Le 15 juillet 1905, le magazine Je sais tout a rapporté l’arrestation d’Arsène Lupin sur le transatlantique Provence. C’était la première fois que la presse révélait l’existence de cet individu dont Maurice Leblanc se fit le biographe… De cette date jusqu’en mai 1909, il publia régulièrement dans le même magazine, sous forme de feuilletons, l’apologie des délits de celui qui devint dans l’imagination populaire le prototype du gentleman cambrioleur et, en écrivain conscient des réalités économiques, il regroupa ensuite ces épisodes dans trois volumes : Arsène Lupin, gentleman cambrioleur (Pierre Lafitte, 1907), Arsène Lupin contre Herlock Sholmès (1908) et L’Aiguille creuse (1909). A chaque fois, des modifications étaient intervenues entre le récit fait en feuilleton et celui publié en volumes séparés.
De mars à mai 1910, Maurice Leblanc donna dans le quotidien Le Journal le récit des nouvelles tribulations de son personnage sous le titre énigmatique 813, puis le fit éditer chez Lafitte dès le mois suivant. Remanié en 1917 pour tenir compte des préjugés du temps de guerre, il se compose de deux parties : La double vie d’Arsène Lupin et Les trois crimes d’Arsène Lupin. Cet ouvrage, le plus long de la série, est aussi le plus noir, marqué par un climat lourd de menaces, ponctué d’assassinats et de combinaisons de haute politique; c’est aussi dans cet ouvrage que le Kaiser entre en scène. Bien qu'écrit par un Français qui n'a pas oublié les provinces perdues, l'Empereur est présenté dans cette oeuvre de façon très neutre, sous les traits d'un souverain volontaire et sûr de lui, à la fois homme de parole et homme d'action.
Comme il ne s’agit pas ici d’effectuer un abrégé de ces aventures insolites ni d’en révéler les rebondissements, je me contenterai de donner un résumé des faits principaux, en m’attardant sur les seuls épisodes où apparaît Guillaume II.

 

1-copie-18

Reproduction de la jaquette de l’édition originale, publiée à l’initiative de l’association 813 (association des amis de la littérature policière).

 

L’intrigue commence dans l’appartement 415 du Palace Hôtel à Paris, où le richissime Rudolf Kesselbach est séquestré dans sa suite par Arsène Lupin et ses complices. Le lendemain, il est retrouvé assassiné au même endroit. Tout semble donc indiquer le sieur Lupin comme coupable ;  mais monsieur Lenormand, chef de la Sûreté, est convaincu du contraire.
Dans La double vie d’Arsène Lupin, Lenormand et ses hommes vont donc tout faire pour l’innocenter et pour protéger Dolorès, la veuve de feu Kesselbach, contre les manigances d’un ennemi machiavélique. En parallèle, Lupin agit de la même manière mais finit par être arrêté au dernier chapitre du livre (§ VII La Redingote Olive).
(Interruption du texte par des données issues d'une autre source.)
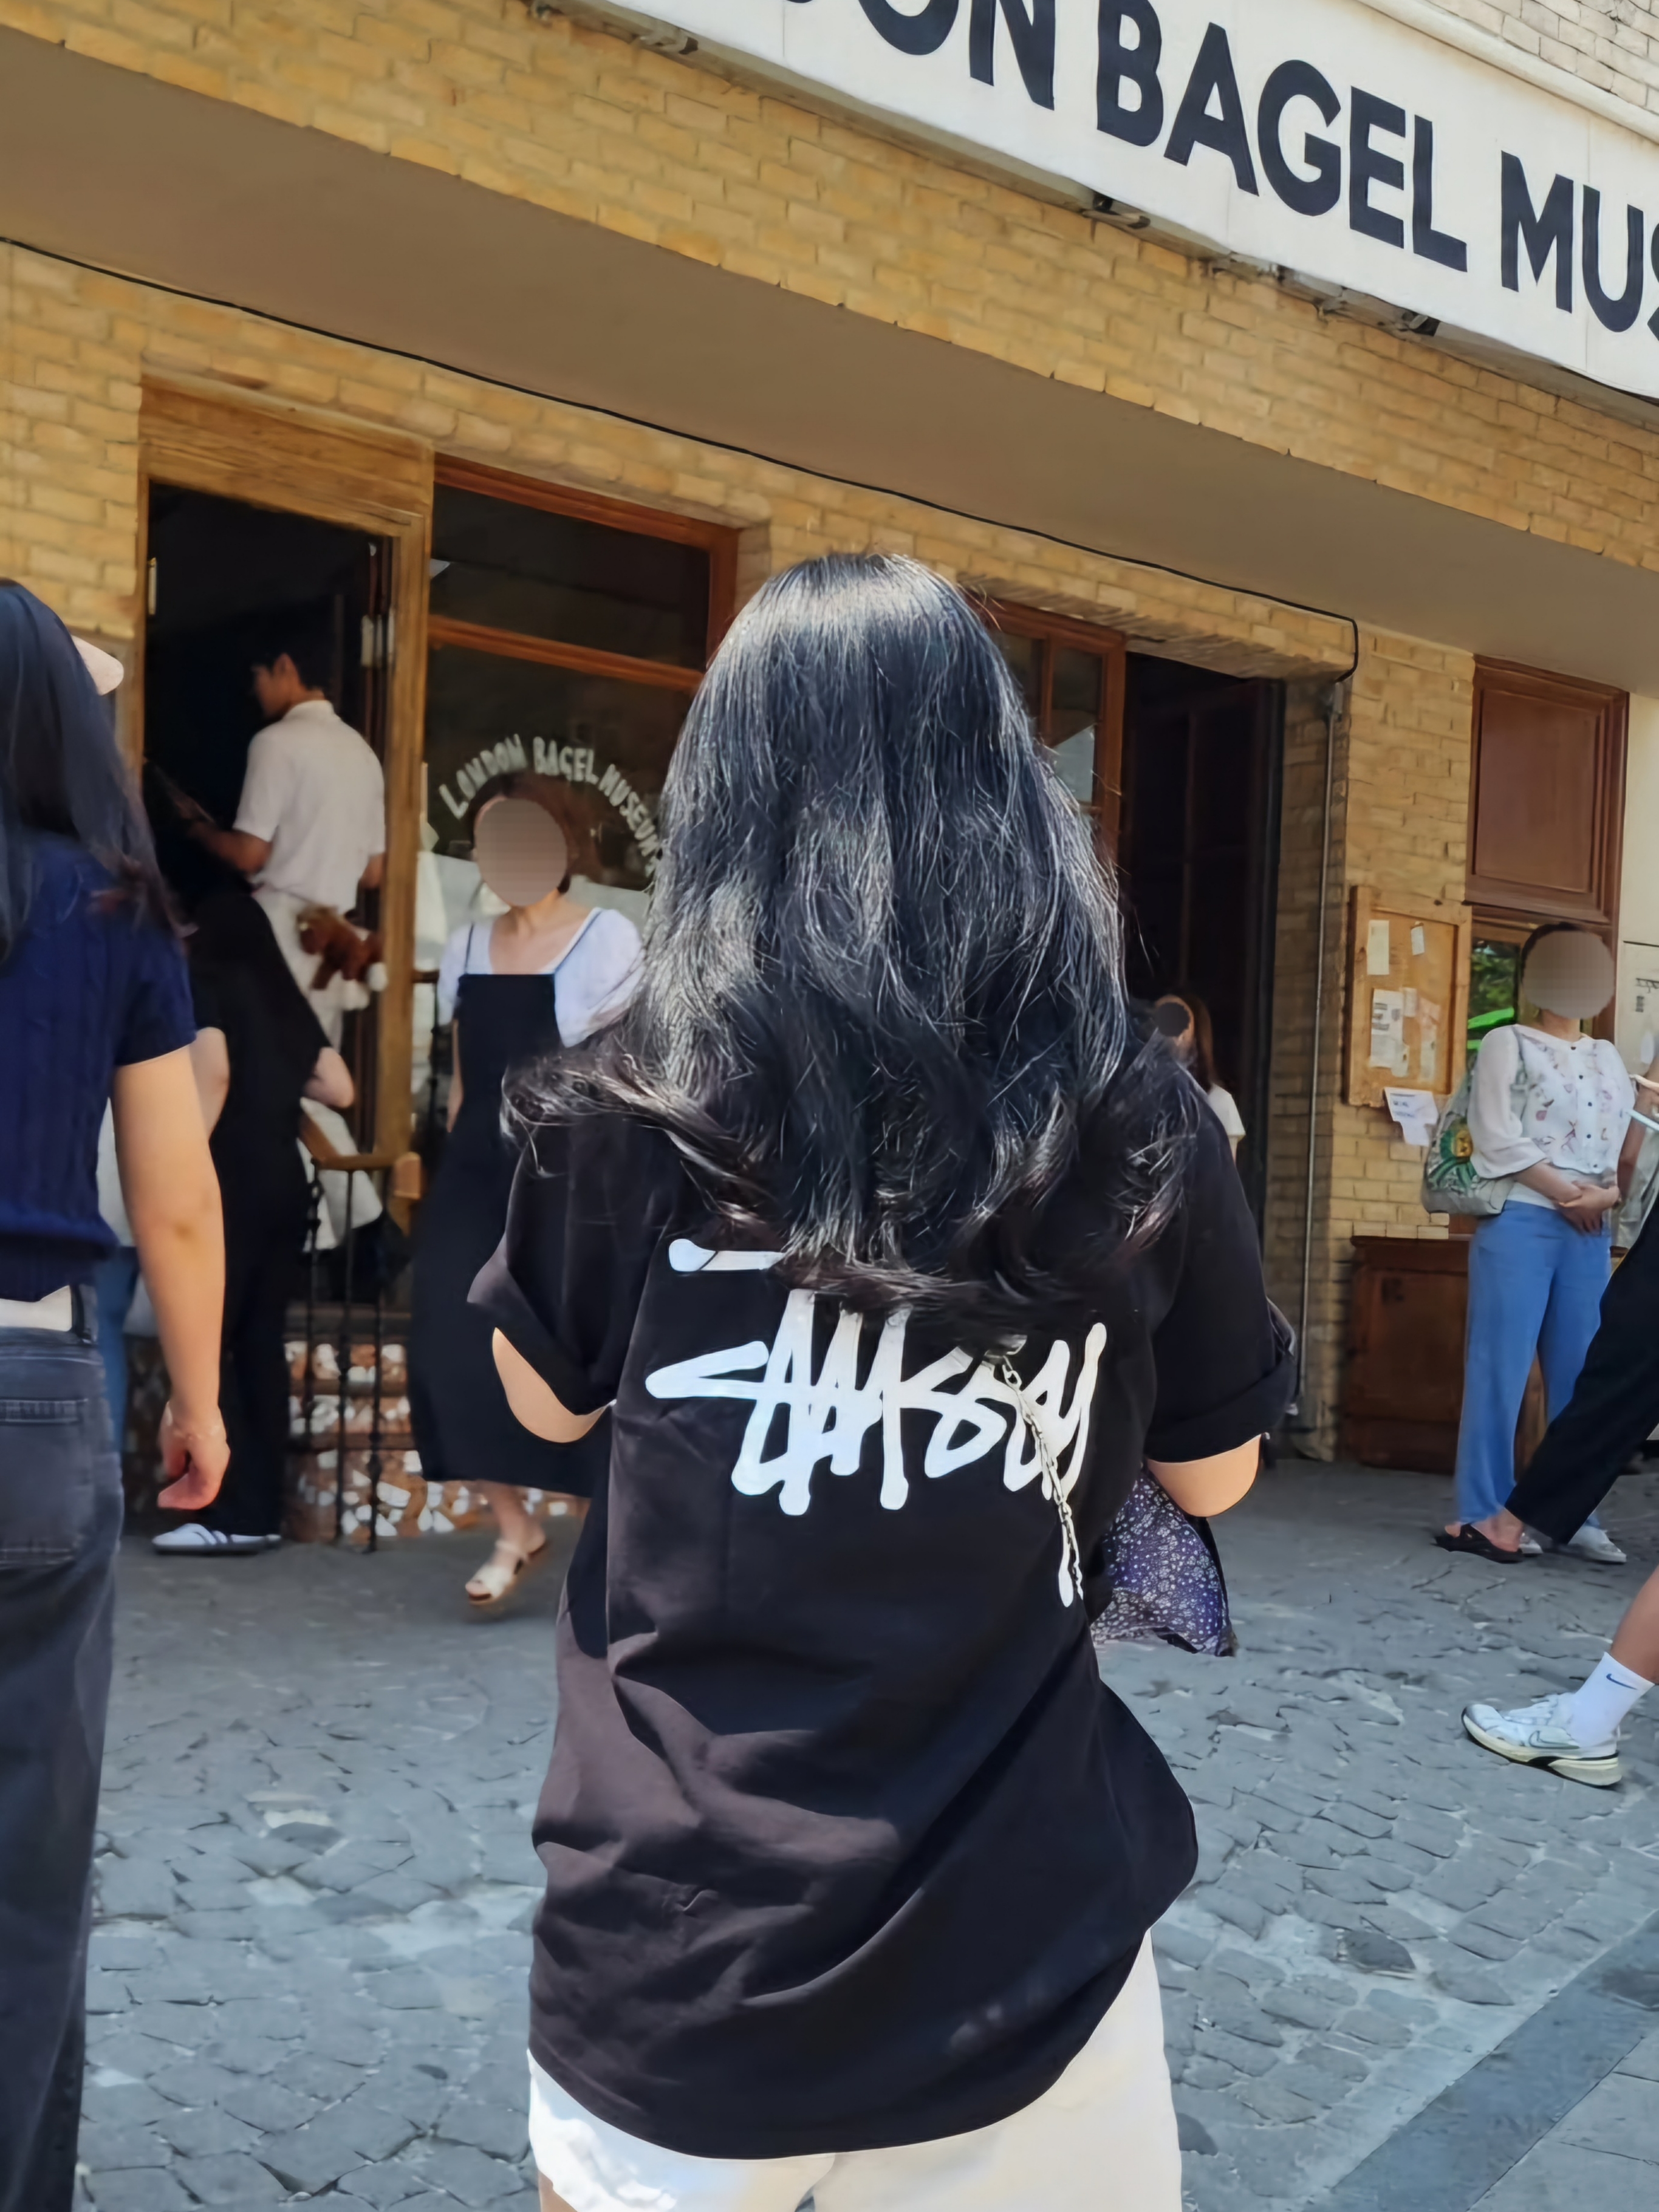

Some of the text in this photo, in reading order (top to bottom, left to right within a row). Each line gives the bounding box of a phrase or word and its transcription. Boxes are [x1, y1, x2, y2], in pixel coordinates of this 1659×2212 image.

1-copie-20Exemple de cellule à la prison de la Santé : ici Maxime Réal del Sarte passa 9 mois en 1909 pour avoir giflé le professeur Thalamas au motif qu’il avait insulté Jeanne d’Arc.

 

Les trois crimes d’Arsène Lupin s’ouvre à la prison de la Santé, où Lupin est incarcéré. C’est là qu’il apprend l’existence de papiers compromettants, remis en 1898 par Bismarck sur son lit de mort à son vieil ami le grand-duc Hermann III de Deux-Ponts-Veldenz, prince de Berncastel, comte de Fistingen, seigneur de Wiesbaden et autres lieux 1.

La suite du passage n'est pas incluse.